▶ **TASK OBJECTIVE**
Reproduce the full listing below unchanged, apart from the pictures.

▶ **PROVIDED INFORMATION**
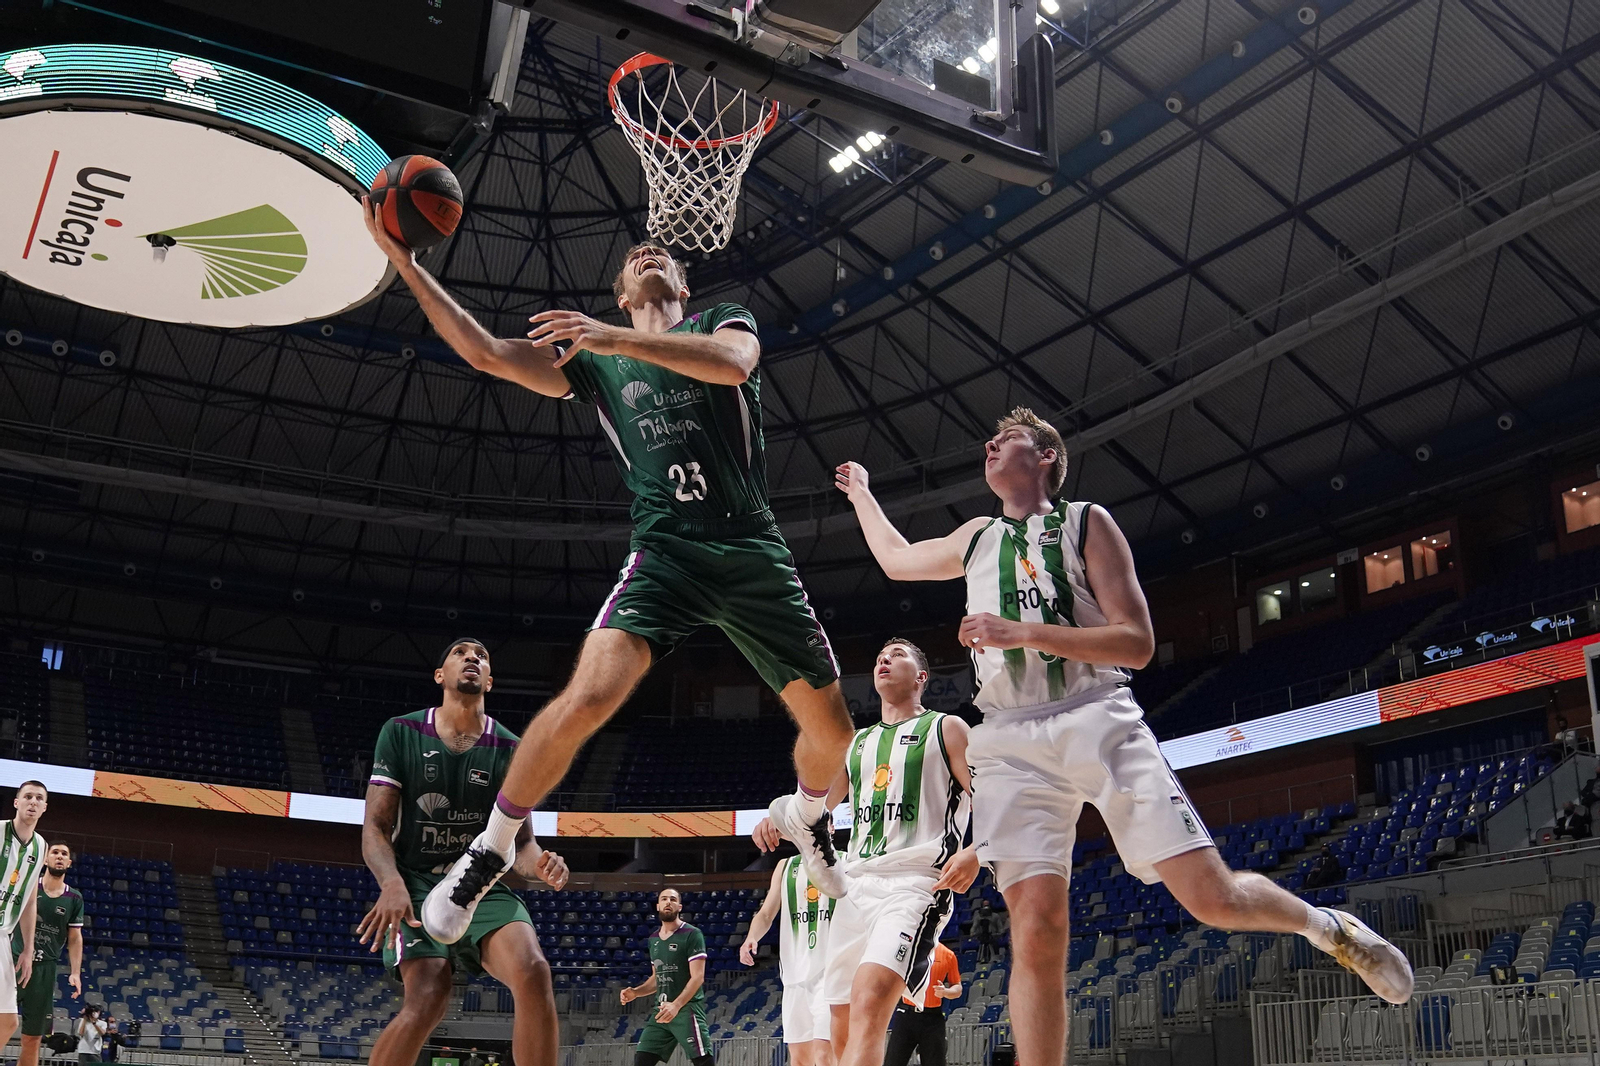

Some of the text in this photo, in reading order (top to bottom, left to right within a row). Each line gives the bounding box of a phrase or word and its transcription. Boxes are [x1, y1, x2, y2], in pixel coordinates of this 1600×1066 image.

[39, 166, 132, 268] Unicaja
[653, 384, 705, 407] Unicaja
[637, 415, 702, 441] Málaga
[668, 461, 708, 503] 23
[1493, 631, 1518, 644] Unicaja
[1439, 645, 1463, 658] Unicaja
[1215, 741, 1254, 758] ANARTEC
[859, 834, 887, 859] 44
[807, 930, 818, 950] 0

▶ **OUTPUT FOR THIS TASK**
Some of the text in this photo, in reading order (top to bottom, left to right within a row). Each line gives the bounding box of a phrase or word and its transcription. Boxes are [x1, y1, x2, y2], in pixel coordinates of this 1600×1066 image.

[39, 166, 132, 268] Unicaja
[653, 384, 705, 407] Unicaja
[637, 415, 702, 441] Málaga
[668, 461, 708, 503] 23
[1493, 631, 1518, 644] Unicaja
[1439, 645, 1463, 658] Unicaja
[1215, 741, 1254, 758] ANARTEC
[859, 834, 887, 859] 44
[807, 930, 818, 950] 0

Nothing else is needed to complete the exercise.